§ **Activity**
An exact, complete copy of the entries below is required, minus any pictures.

§ **Provided material**
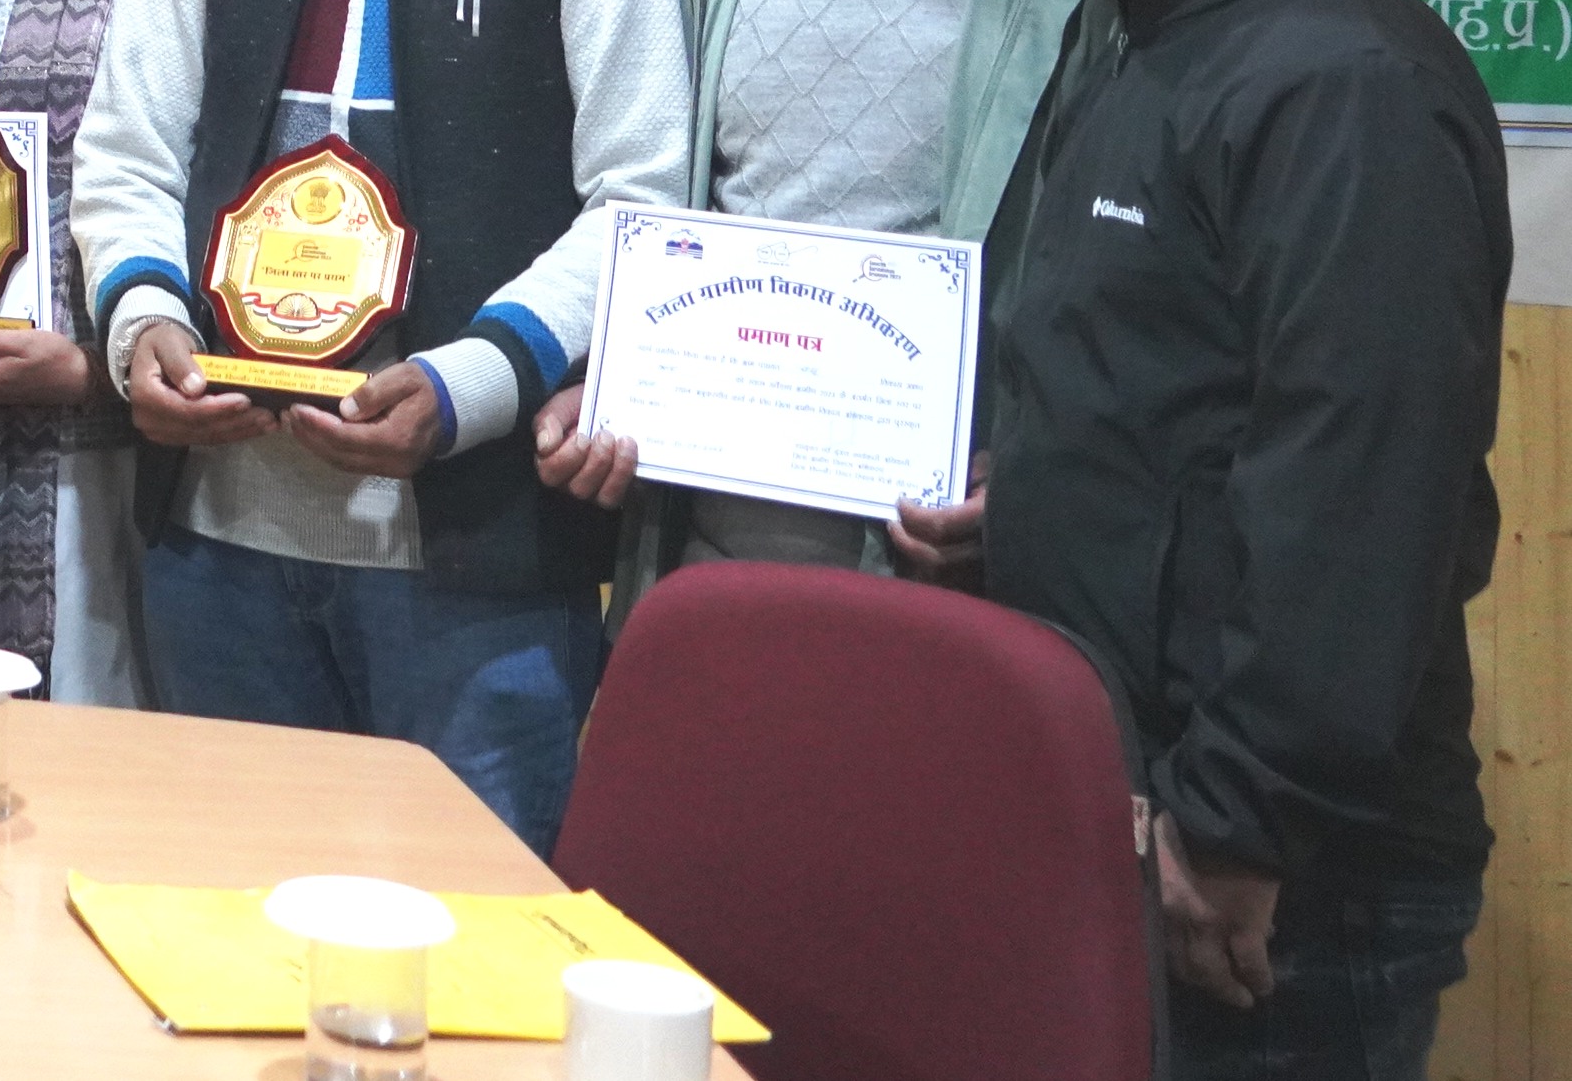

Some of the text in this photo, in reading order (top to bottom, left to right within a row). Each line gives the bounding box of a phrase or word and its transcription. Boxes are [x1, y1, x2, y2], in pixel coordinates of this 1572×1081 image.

[645, 275, 922, 361] जिला ग्रामीण विकास अभिकरण
[738, 326, 824, 352] प्रमाण पत्र
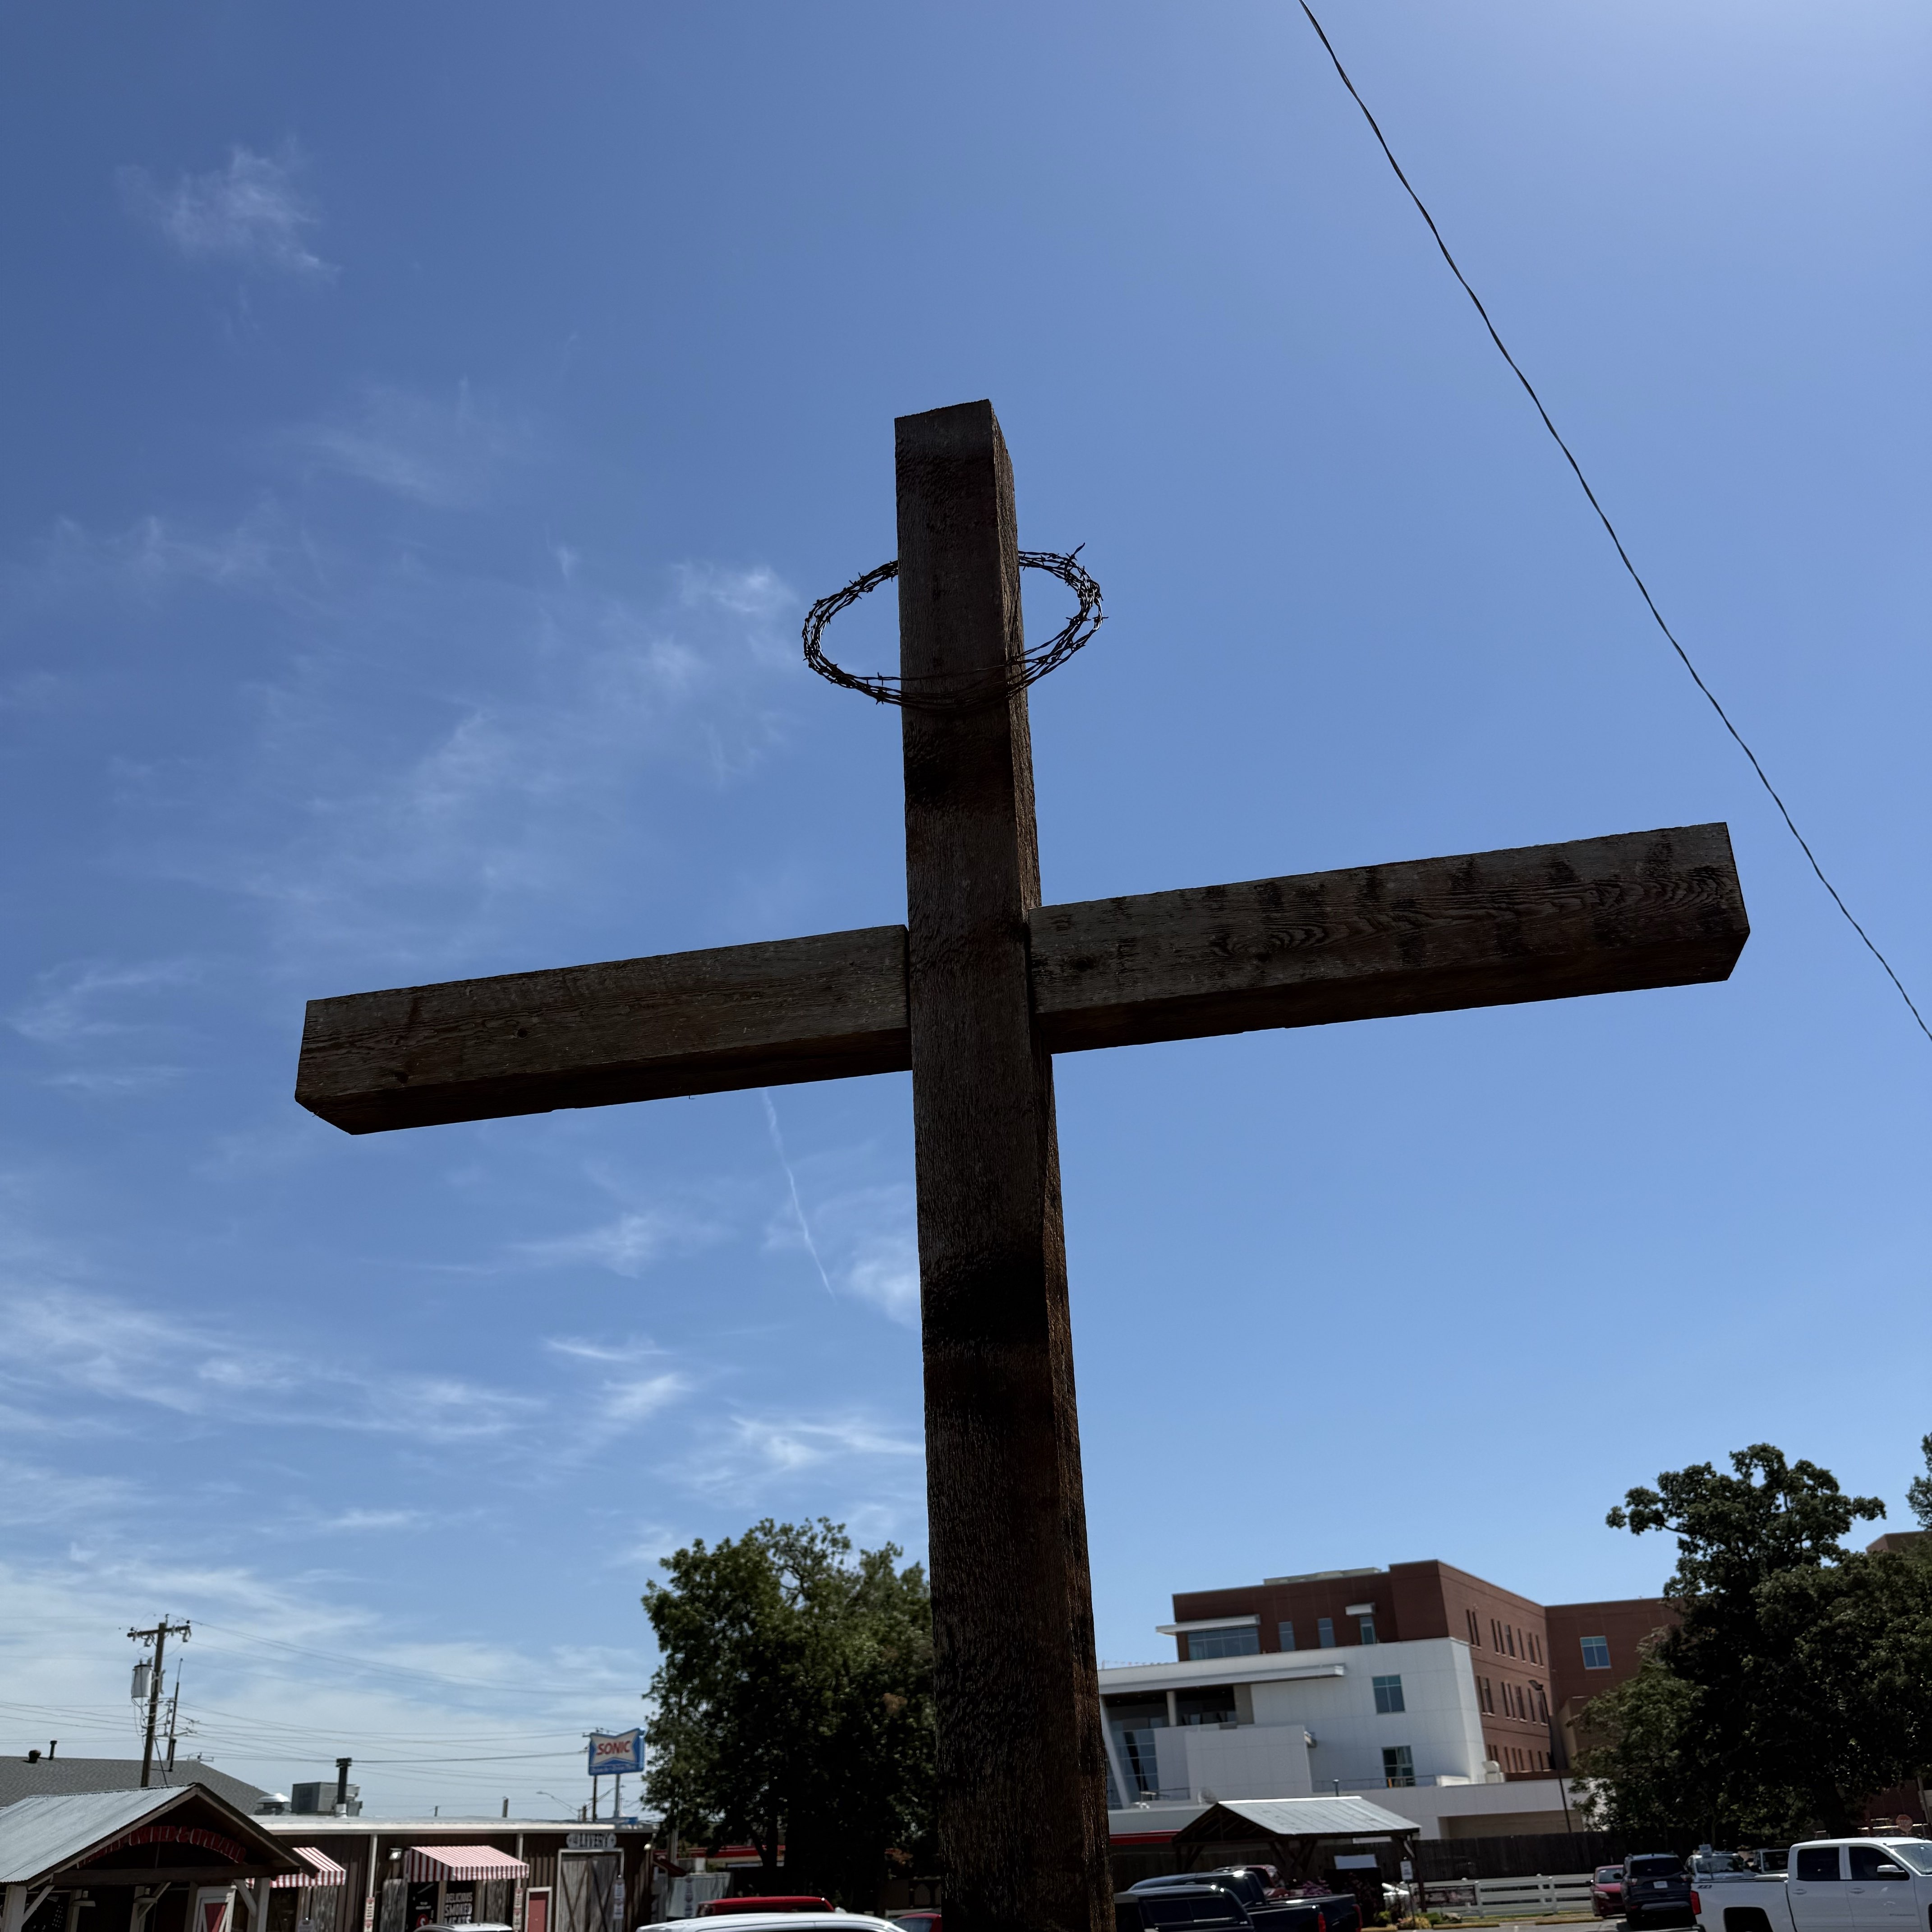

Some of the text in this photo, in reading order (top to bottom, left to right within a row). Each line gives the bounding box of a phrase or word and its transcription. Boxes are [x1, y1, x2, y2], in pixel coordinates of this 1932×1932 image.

[596, 1740, 630, 1755] SONIC
[445, 1892, 473, 1903] DELICIOUS
[444, 1903, 472, 1917] SMOKED

§ **Exercise response**
Some of the text in this photo, in reading order (top to bottom, left to right within a row). Each line gives the bounding box of a phrase or word and its transcription. Boxes are [x1, y1, x2, y2], in pixel coordinates of this 1572×1081 image.

[645, 275, 922, 361] जिला ग्रामीण विकास अभिकरण
[738, 326, 824, 352] प्रमाण पत्र

Some of the text in this photo, in reading order (top to bottom, left to right within a row). Each line gives the bounding box of a phrase or word and its transcription. Boxes are [x1, y1, x2, y2], in pixel coordinates of this 1932×1932 image.

[596, 1740, 630, 1755] SONIC
[445, 1892, 473, 1903] DELICIOUS
[444, 1903, 472, 1917] SMOKED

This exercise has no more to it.